Snohomish, Wash.-based Chinook Lumber adopted the cloud computing model of data management one year ago, using Progressive Solutions’ bisTrack software and its secureHosting model. Company vice president and general manager Joost Douwes says that one of his biggest reasons for going to the cloud was his inability to keep Chinook’s on-site servers cool enough with an air conditioning system that could barely maintain optimal operating temperatures in the winter, let alone the summer. “I wanted that stuff out of there,” he says.
“Now I never have to buy another server again,” Douwes declares. “I never have to buy software again; and I never have to buy client access licenses again.”
Instead of a capital expenditure of $100,000 for a server–”and have it become outdated almost immediately,” Douwes notes–Chinook pays Progressive a monthly fee that includes hosting, use of the Windows-based software, and maintenance of the off-site servers. “That’s a huge benefit,” he says. Pre-cloud, Chinook had two full-time IT staffers and one part-timer. Now a part-time IT staffer can take care of what needs to be done.
Douwes is also impressed with the security that cloud computing offers. “Something that we could never replicate in-house is multiple power sources and generators,” which his cloud host offers. He says Progressive not only backs up data locally at its data center but also sends it off-site to another data storage facility, a redundancy that reassures him Chinook’s critical data will never be inaccessible.
Aloha, Mr. Cloud
High IT costs and a frank risk assessment are what cinched the matter for HPM Building Supply’s Riki Newkold.

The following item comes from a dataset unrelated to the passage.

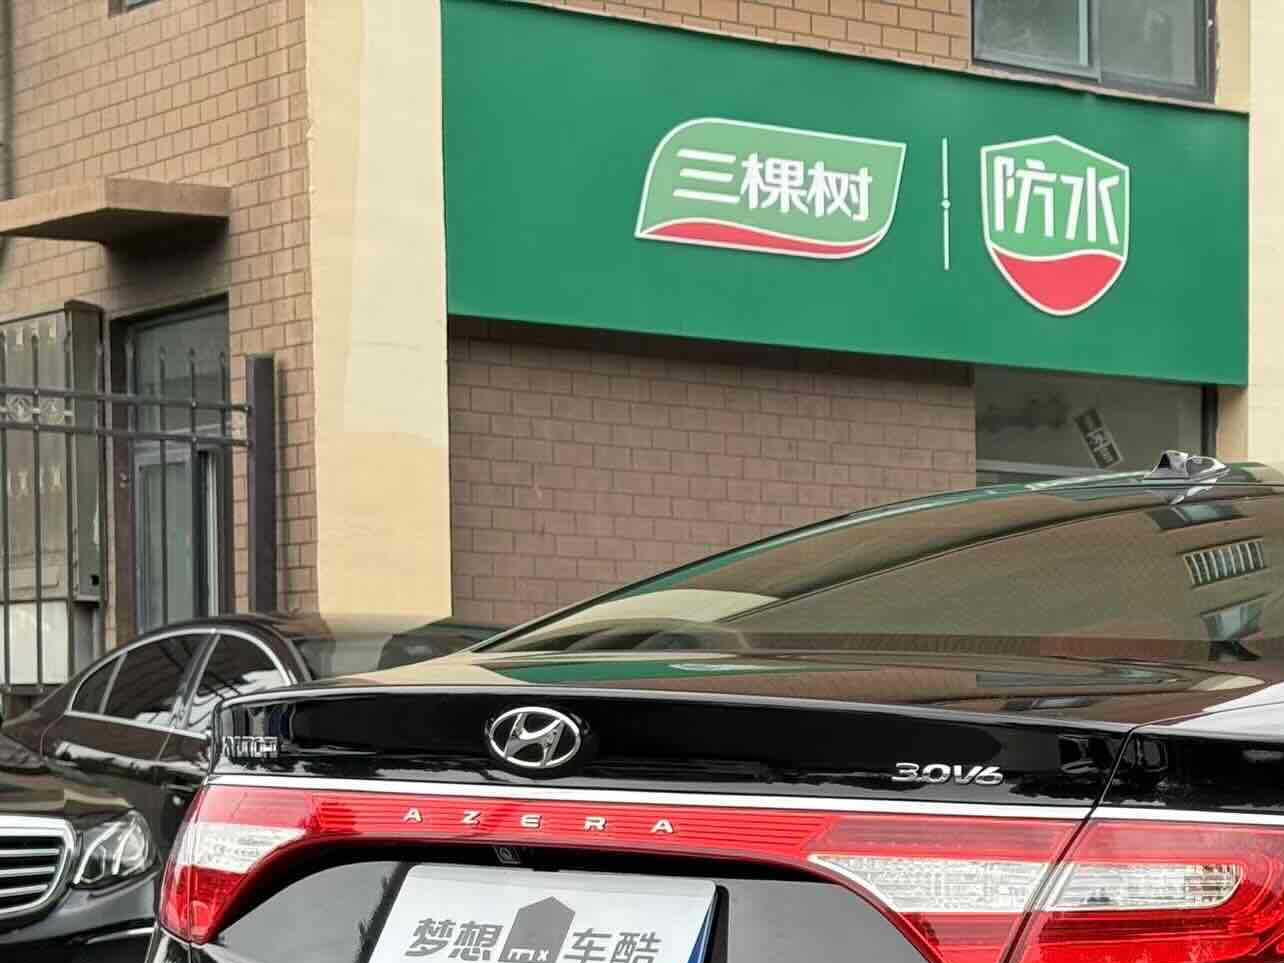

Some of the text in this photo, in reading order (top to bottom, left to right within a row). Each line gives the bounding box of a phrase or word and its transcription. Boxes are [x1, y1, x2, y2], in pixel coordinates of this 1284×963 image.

Just last month, Newkold, vice president of finance and IT at Hilo, Hawaii-based HPM switched to Progressive’s secureHosting, after 16 years of operating an old in-house legacy system using ECi’s Software Solutions Advantage business system.
“We are a company that is run very lean,” says Newkold. Our IT staff is three. We have tsunamis, earthquakes and sometimes hurricanes.” She says that for a company of HPM’s size (five locations), the costs would have been prohibitive to invest in a hardware structure with the up-to-date technology advances needed to run the business. “At the same time, we would have to invest in additional staff that we wouldn’t be able to afford.” Investing in the hardware, plus high salary IT personnel, would have cost the company hundreds of thousands of dollars, Newkold reckons.
Cloud computing won’t suit every construction supply operation. But before sinking big bucks into replacing aging servers, take a look at your options. You may find that cloud data management can inprove your bottom line–and perhaps even offer some unexpected benefits.
“I can go back to enjoying a cold beer after work,” says Fakes & Hooker’s Roberson. Plus, he promises, “You’ll sleep better at night, and your hair won’t turn white.”